▸ **Your assignment**
Write out the records that follow exactly. Do not include pictures.

(Entries provided begins)

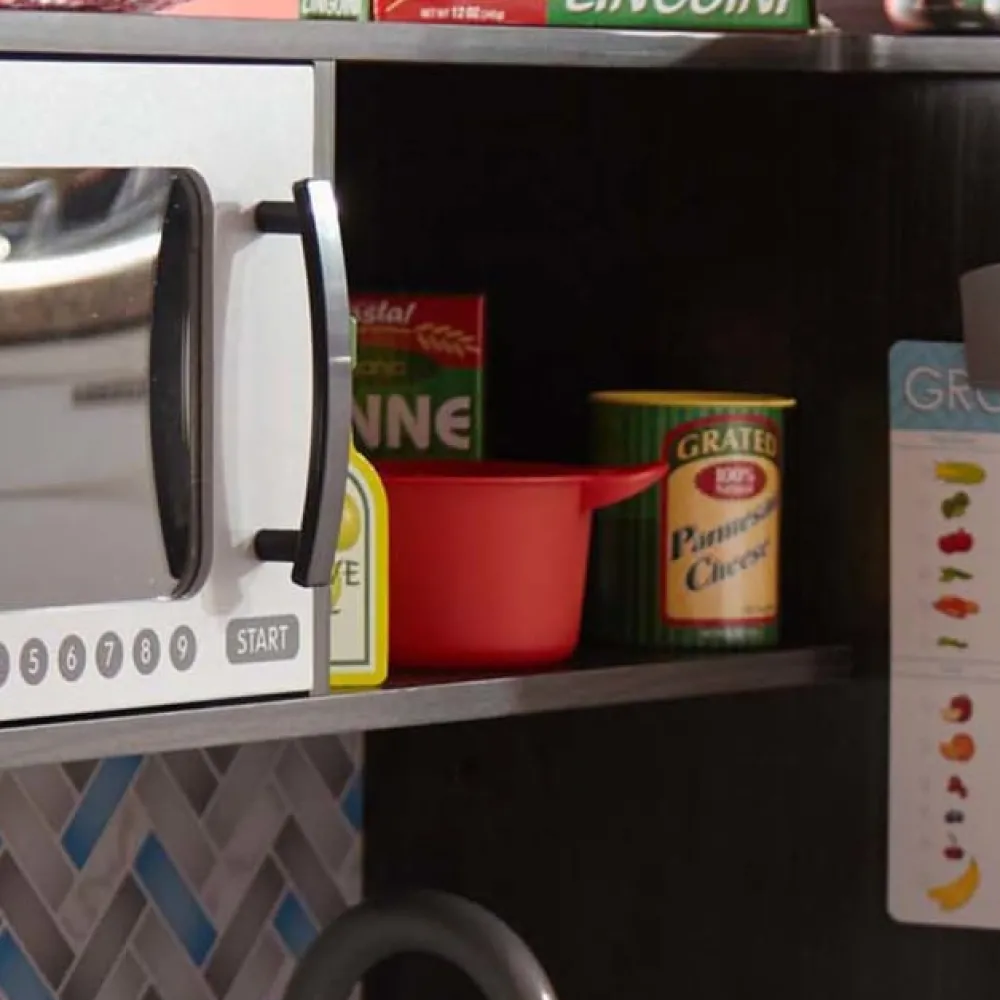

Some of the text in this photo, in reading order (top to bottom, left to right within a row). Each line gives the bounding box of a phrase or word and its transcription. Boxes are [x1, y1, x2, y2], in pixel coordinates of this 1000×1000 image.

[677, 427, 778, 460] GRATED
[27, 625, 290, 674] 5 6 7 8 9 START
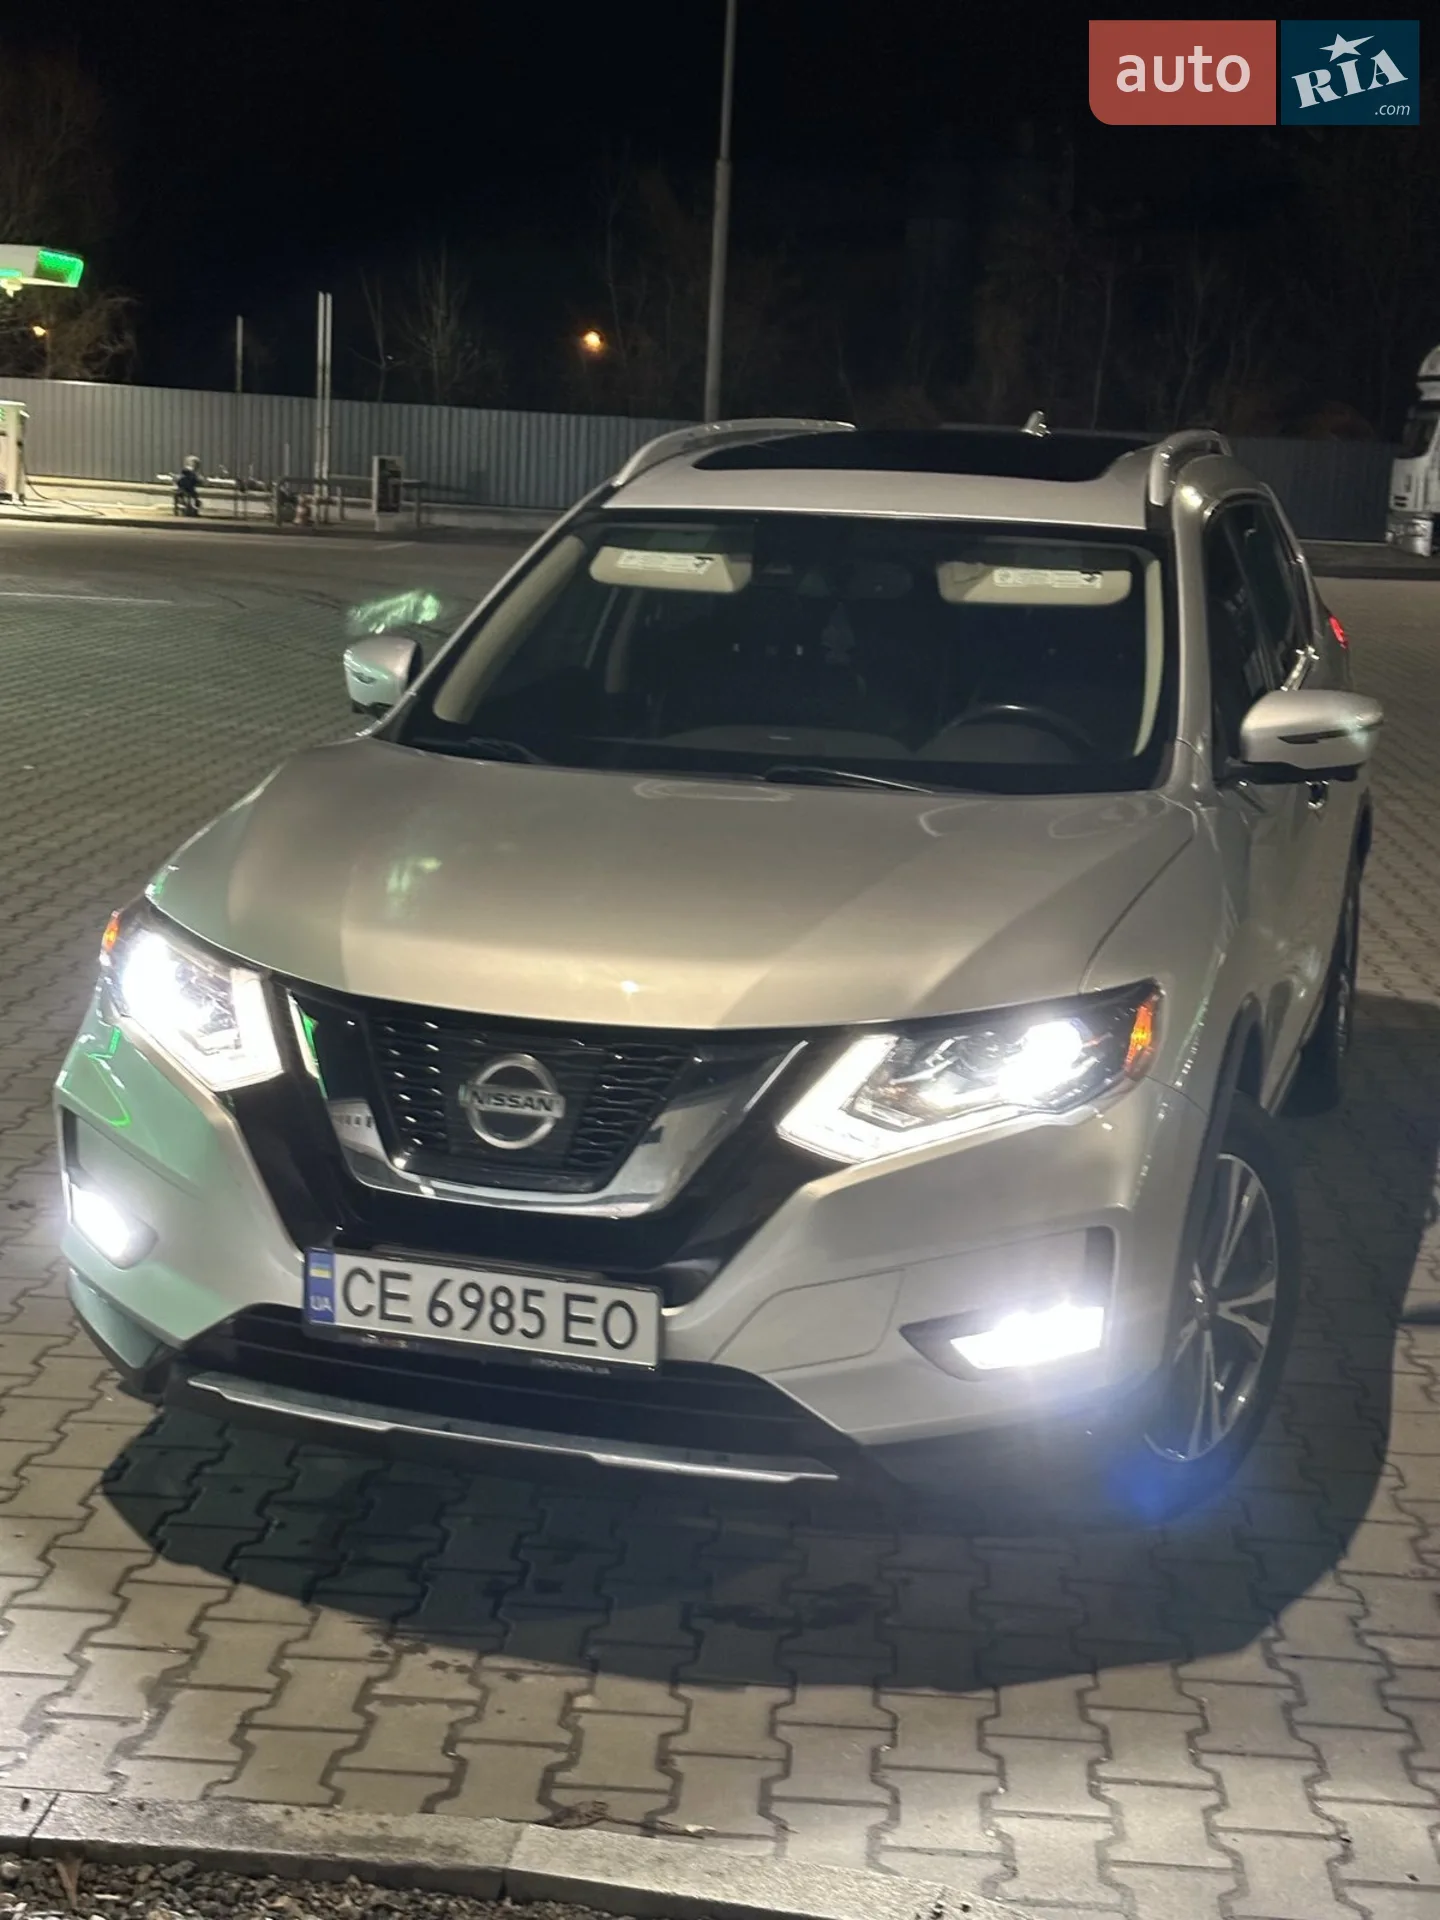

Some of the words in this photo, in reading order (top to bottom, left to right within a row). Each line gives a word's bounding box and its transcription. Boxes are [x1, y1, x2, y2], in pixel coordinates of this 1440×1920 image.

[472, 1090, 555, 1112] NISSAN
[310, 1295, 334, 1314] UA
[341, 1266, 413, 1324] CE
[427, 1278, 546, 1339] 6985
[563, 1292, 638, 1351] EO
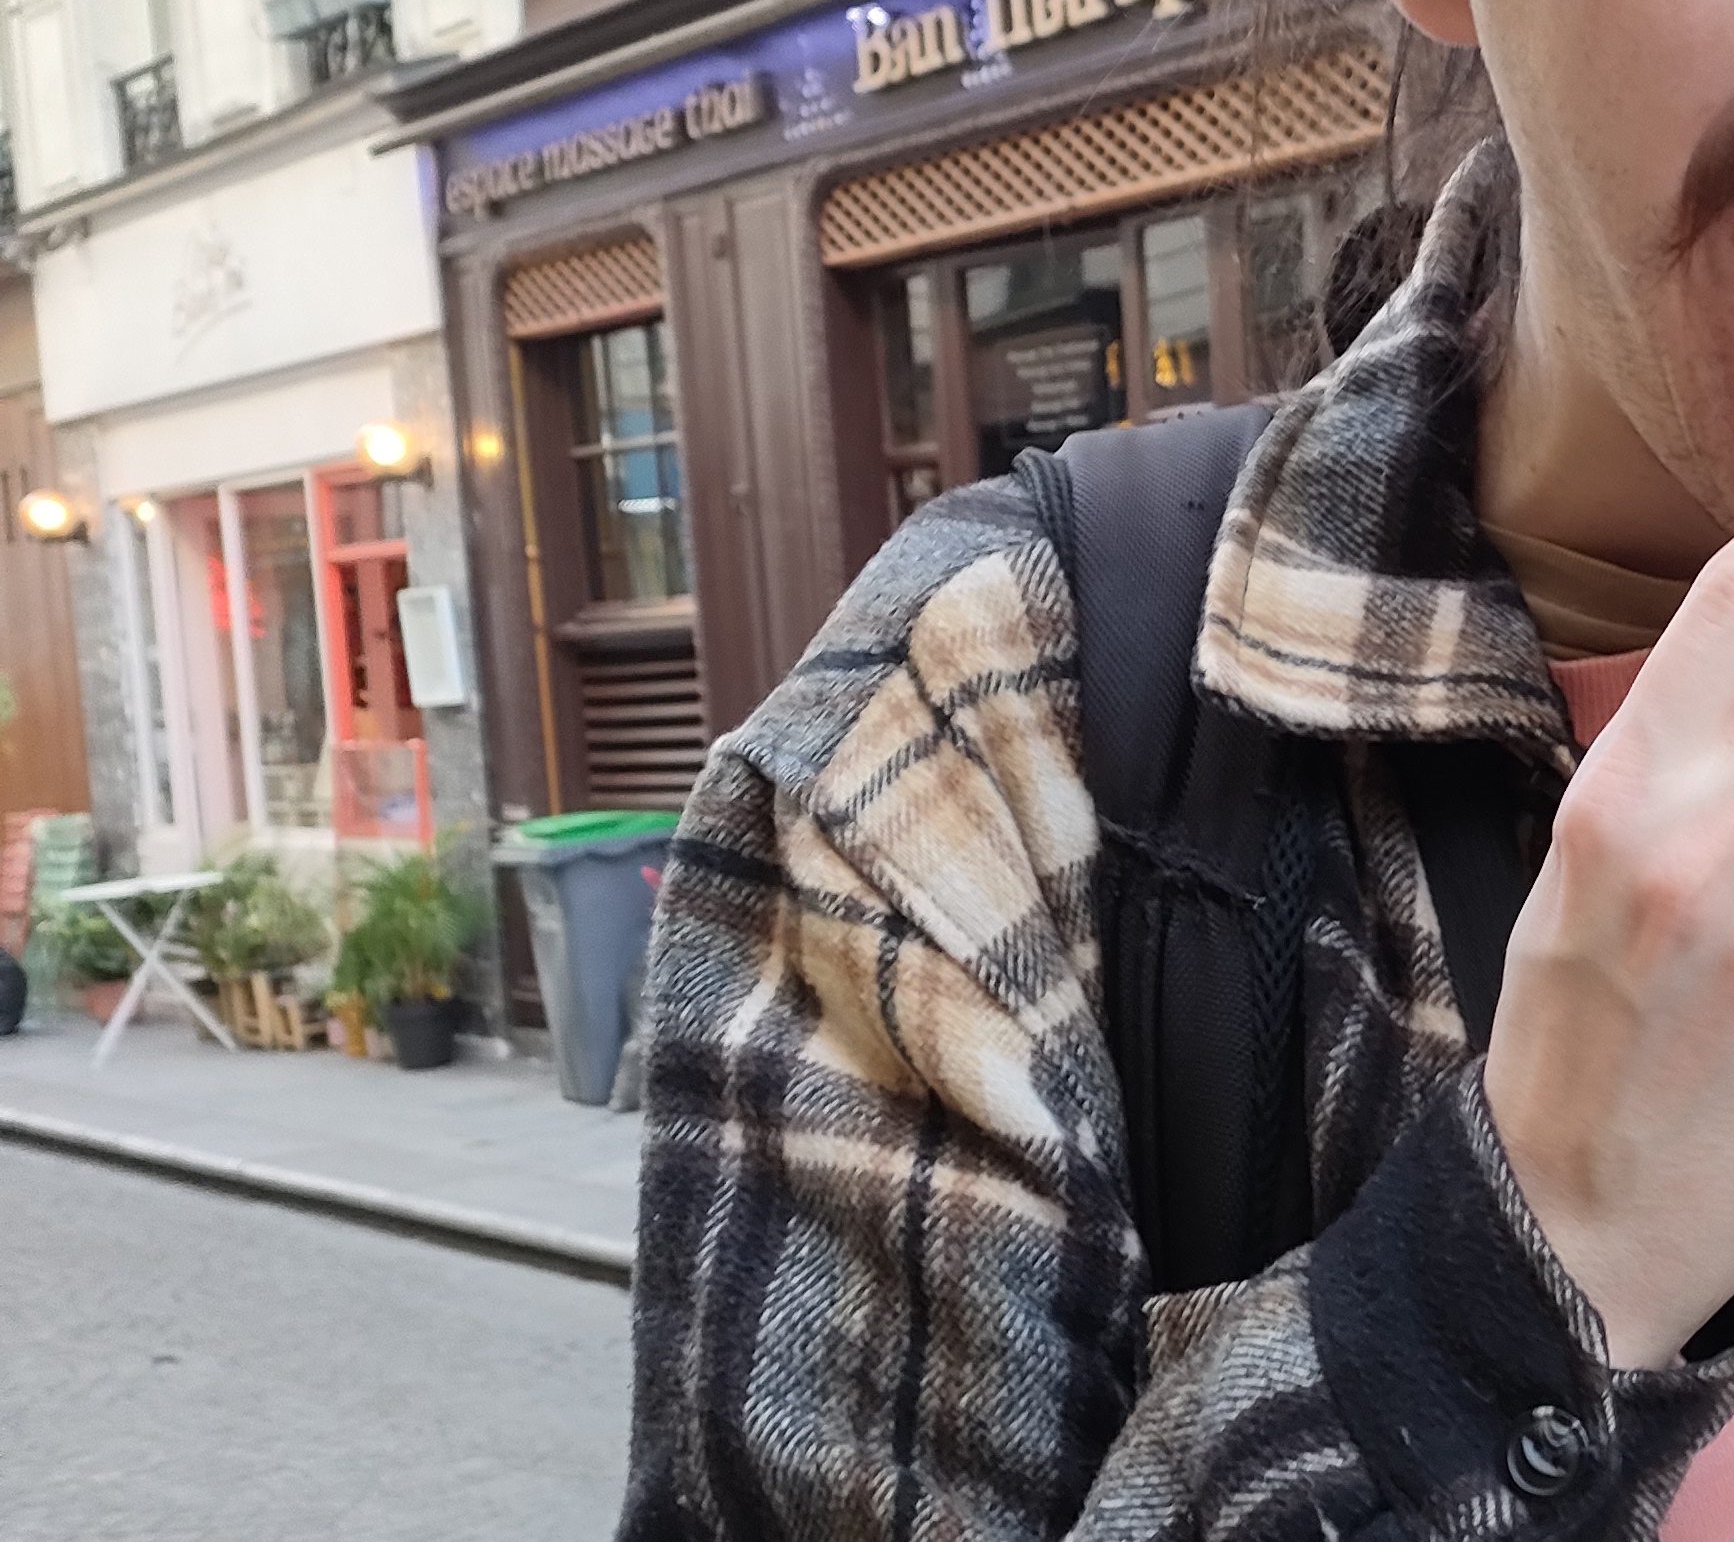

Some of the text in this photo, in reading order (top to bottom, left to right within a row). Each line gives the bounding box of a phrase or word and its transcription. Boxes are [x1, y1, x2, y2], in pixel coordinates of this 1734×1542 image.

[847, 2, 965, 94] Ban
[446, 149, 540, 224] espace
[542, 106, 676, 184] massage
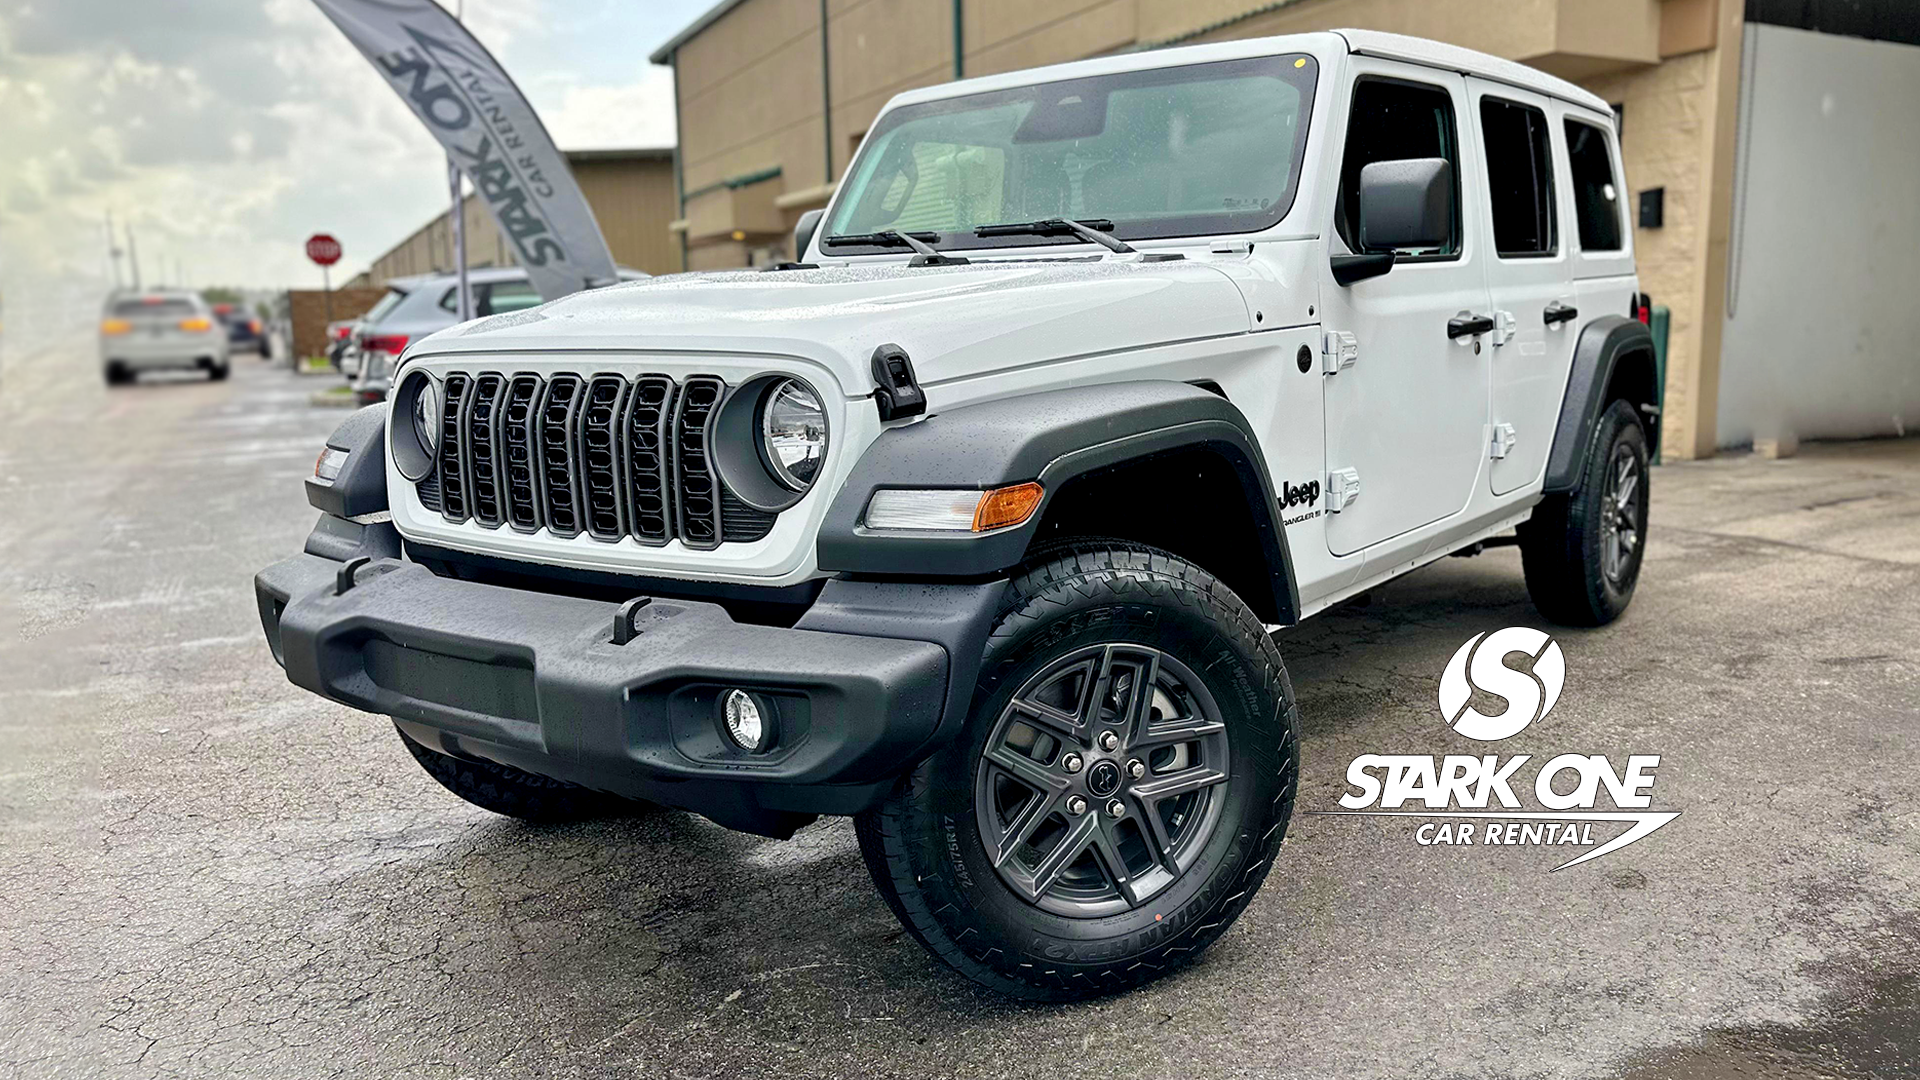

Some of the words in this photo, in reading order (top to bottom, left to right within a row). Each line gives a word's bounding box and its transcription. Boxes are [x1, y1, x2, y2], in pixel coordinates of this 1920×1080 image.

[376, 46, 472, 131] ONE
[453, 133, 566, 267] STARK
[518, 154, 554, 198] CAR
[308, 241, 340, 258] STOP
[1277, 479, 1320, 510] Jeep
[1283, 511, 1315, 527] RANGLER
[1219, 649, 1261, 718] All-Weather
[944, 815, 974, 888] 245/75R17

(Entries provided ends)

▸ **Answer to the problem**
Some of the text in this photo, in reading order (top to bottom, left to right within a row). Each line gives the bounding box of a phrase or word and its transcription. Boxes are [x1, y1, x2, y2], in pixel coordinates of this 1000×1000 image.

[677, 427, 778, 460] GRATED
[27, 625, 290, 674] 5 6 7 8 9 START

Some of the words in this photo, in reading order (top to bottom, left to right within a row). Each line gives a word's bounding box and its transcription. Boxes are [x1, y1, x2, y2], in pixel coordinates of this 1440×1920 image.

[472, 1090, 555, 1112] NISSAN
[310, 1295, 334, 1314] UA
[341, 1266, 413, 1324] CE
[427, 1278, 546, 1339] 6985
[563, 1292, 638, 1351] EO

Some of the text in this photo, in reading order (top to bottom, left to right within a row). Each line gives the bounding box of a phrase or word and its transcription. Boxes are [x1, y1, x2, y2], in pixel coordinates of this 1734×1542 image.

[847, 2, 965, 94] Ban
[446, 149, 540, 224] espace
[542, 106, 676, 184] massage

Some of the words in this photo, in reading order (top to bottom, left to right within a row). Each line gives a word's bounding box and its transcription. Boxes are [x1, y1, x2, y2], in pixel coordinates of this 1920×1080 image.

[376, 46, 472, 131] ONE
[453, 133, 566, 267] STARK
[518, 154, 554, 198] CAR
[308, 241, 340, 258] STOP
[1277, 479, 1320, 510] Jeep
[1283, 511, 1315, 527] RANGLER
[1219, 649, 1261, 718] All-Weather
[944, 815, 974, 888] 245/75R17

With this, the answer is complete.